The regular expression is nothing but a sequence of characters that matches a pattern in a piece of text or a text file. It is used in text mining in a lot of programming languages. The characters of the regular expression are pretty similar in all the languages. But the functions of extracting, locating, detecting, and replacing can be different in different languages.
In this article, I will use R. But you can learn how to use the regular expression from this article even if you wish to use some other language. It may look too complicated when you do not know it. But as I mentioned at the top it is easier than you think it is. I will try to explain it as much as I can. You are welcome to ask me questions in the comment section if you did not understand any part.

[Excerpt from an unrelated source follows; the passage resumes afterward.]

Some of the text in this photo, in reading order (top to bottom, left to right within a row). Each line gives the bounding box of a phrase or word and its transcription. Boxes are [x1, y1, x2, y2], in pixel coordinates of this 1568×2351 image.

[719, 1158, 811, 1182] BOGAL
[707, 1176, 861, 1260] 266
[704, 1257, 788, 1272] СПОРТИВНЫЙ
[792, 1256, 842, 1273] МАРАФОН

Here we will learn by doing. I will start with very basic ideas and slowly move towards more complicated patterns.
I used RStudio for all the exercises in this article.

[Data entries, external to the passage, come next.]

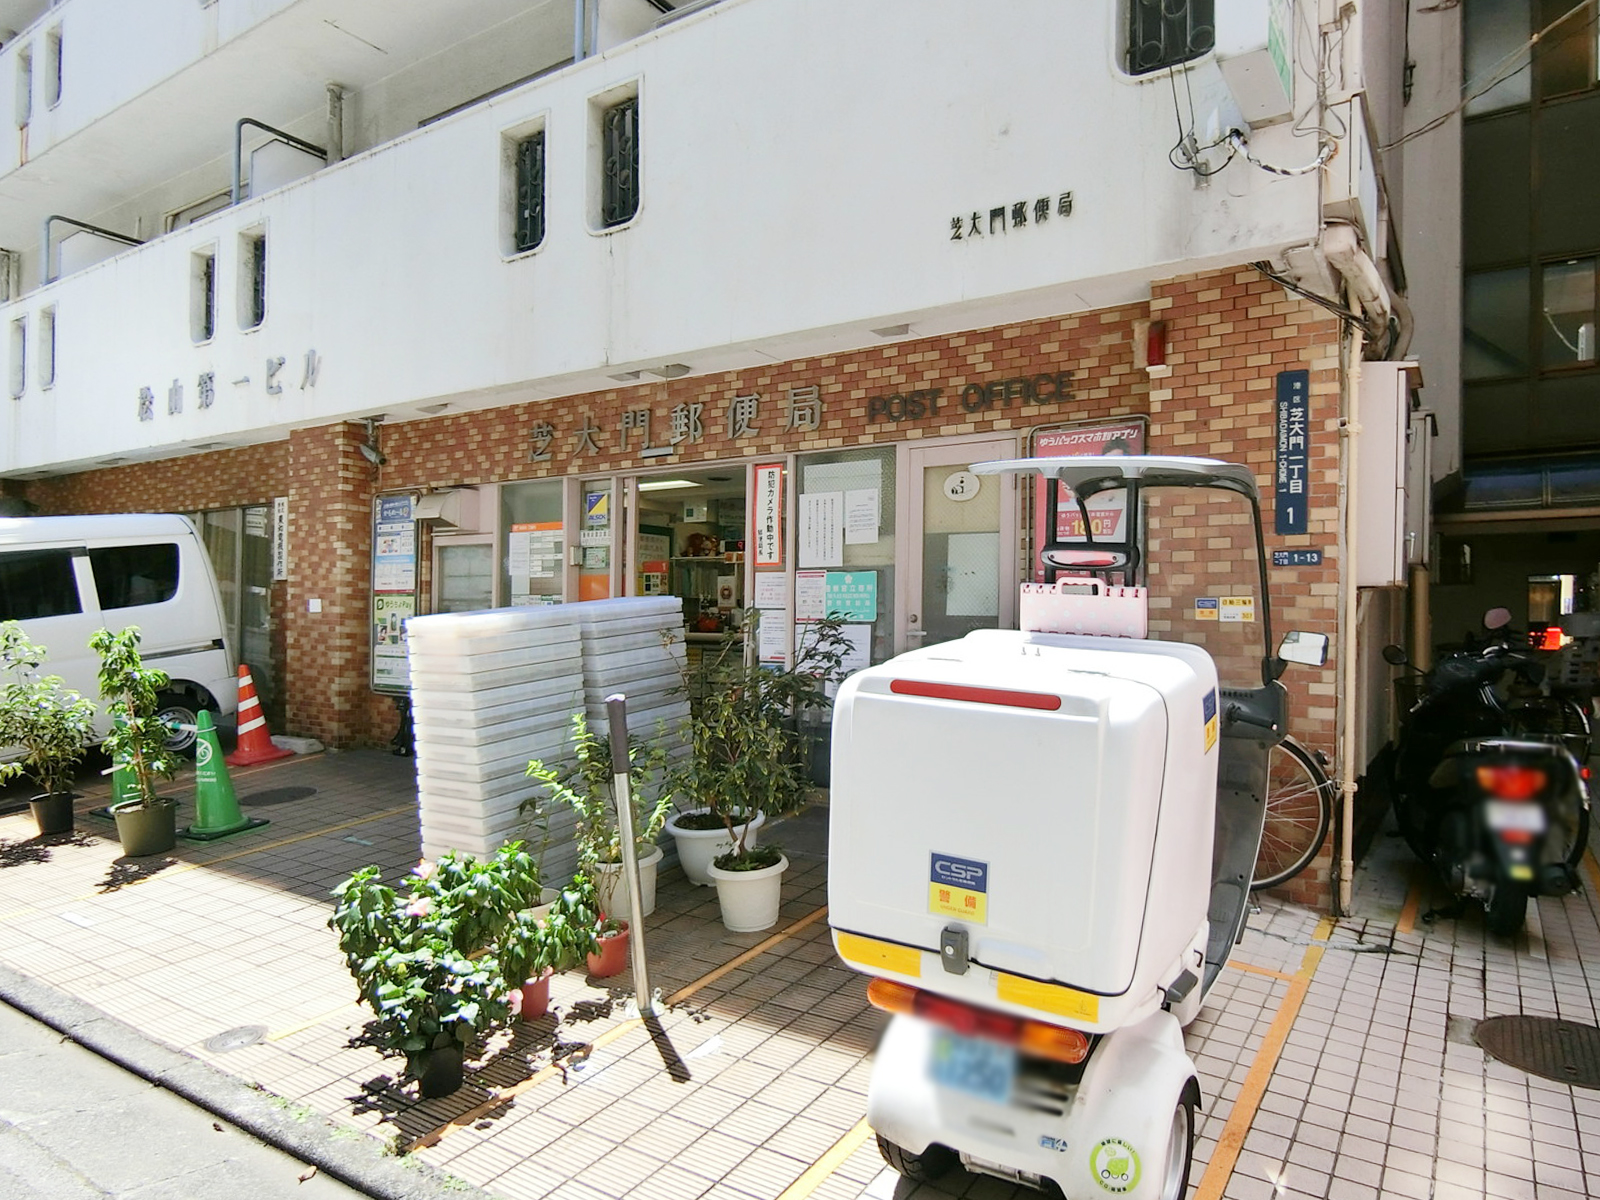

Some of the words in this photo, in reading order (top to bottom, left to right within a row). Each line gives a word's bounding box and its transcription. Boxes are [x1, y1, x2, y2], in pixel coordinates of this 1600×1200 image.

[949, 190, 1073, 241] 芝大門郵便局
[867, 387, 943, 423] POST
[961, 370, 1076, 413] OFFICE
[527, 384, 823, 462] 芝大門郵便局
[1279, 401, 1288, 452] SHIBADAIMON
[1278, 454, 1287, 484] 1-CHOME
[1289, 407, 1305, 494] 芝大門一丁目
[766, 470, 776, 560] 防犯カメラ作動中です
[1286, 506, 1294, 525] 1
[1293, 552, 1319, 563] 1-13
[934, 860, 983, 880] CSP
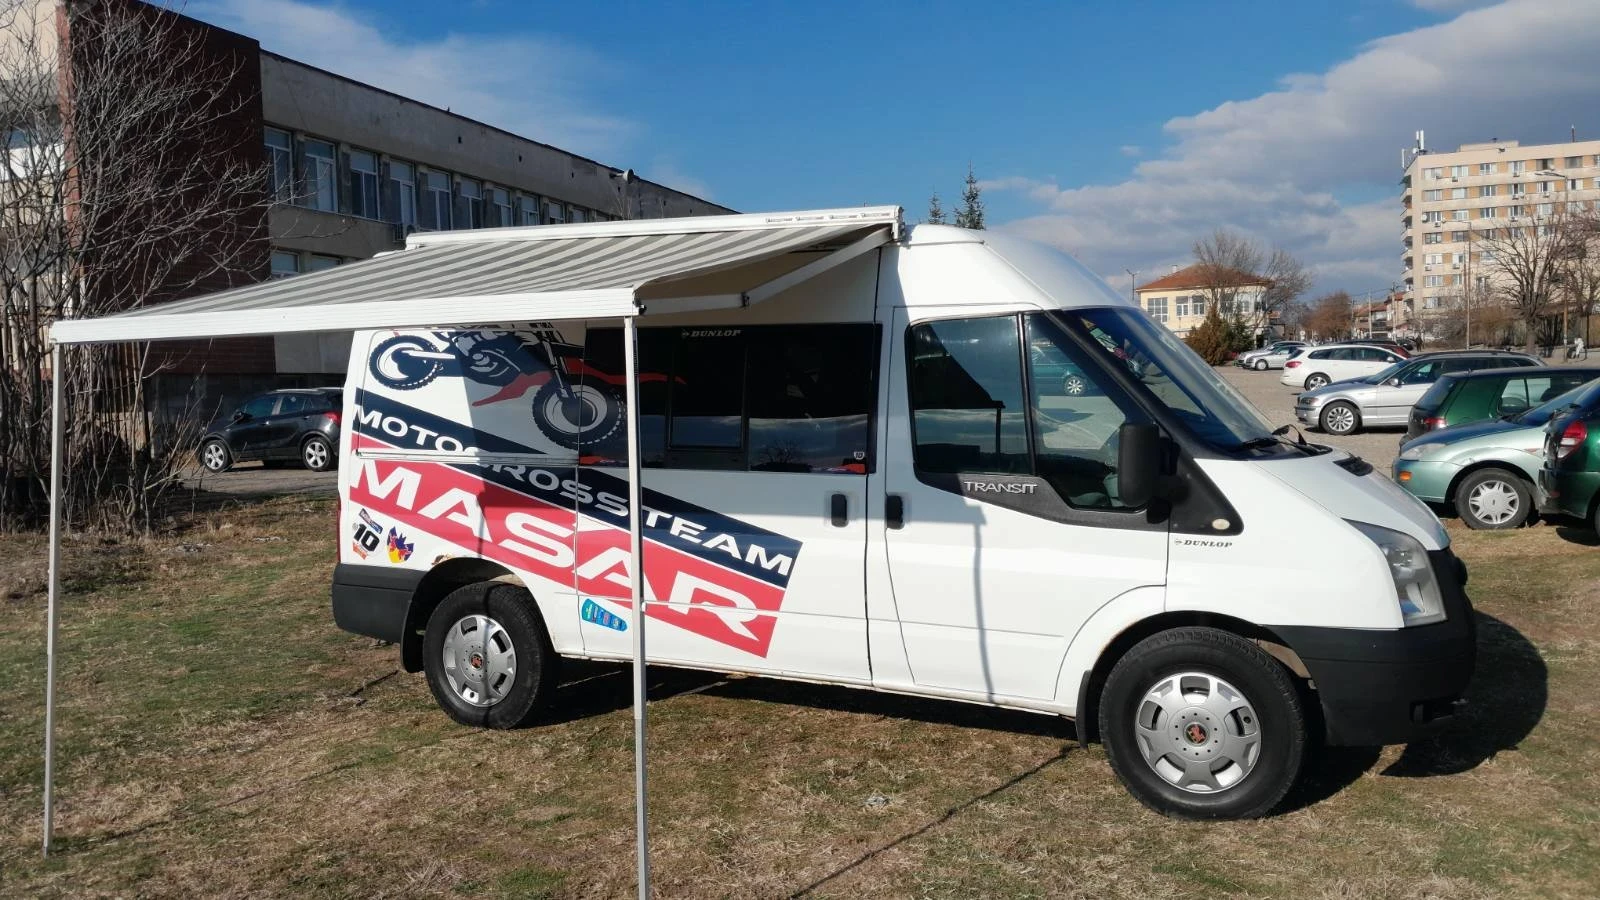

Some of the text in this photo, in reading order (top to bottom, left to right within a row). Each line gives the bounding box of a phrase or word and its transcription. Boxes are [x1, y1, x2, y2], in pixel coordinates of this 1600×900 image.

[690, 329, 742, 337] DUNLOP
[963, 481, 1038, 495] TRANSIT
[353, 523, 380, 552] 10
[1183, 539, 1233, 548] DUNLOP
[350, 452, 760, 642] MASAR

Here is a set of 7 strings that contain, different patterns. We will use this to learn all the basics.
ch = c('Nancy Smith',
'is there any solution?',
".[{(^$|?*+",
"coreyms.com",
"321-555-4321",
"123.555.1234",
"123*555*1234"
)
Extract all the dots or periods from those texts:
R has a function called ‘str_extract_all’ that will extract all the dots from these strings. This function takes two parameters. First the texts of interest and second, the element to be extracted.
str_extract_all(ch, "\\.")
Output:
[[1]]
character(0)[[2]]
character(0)[[3]]
[1] "."[[4]]
[1] "."[[5]]
character(0)[[6]]
[1] "." "."[[7]]
character(0)
Look at the output carefully. The Third-string has one dot. Forth string has one dot and the Sixth string has two dots.
There is another function in R ‘str_extract’ that only extracts the first dot from each string.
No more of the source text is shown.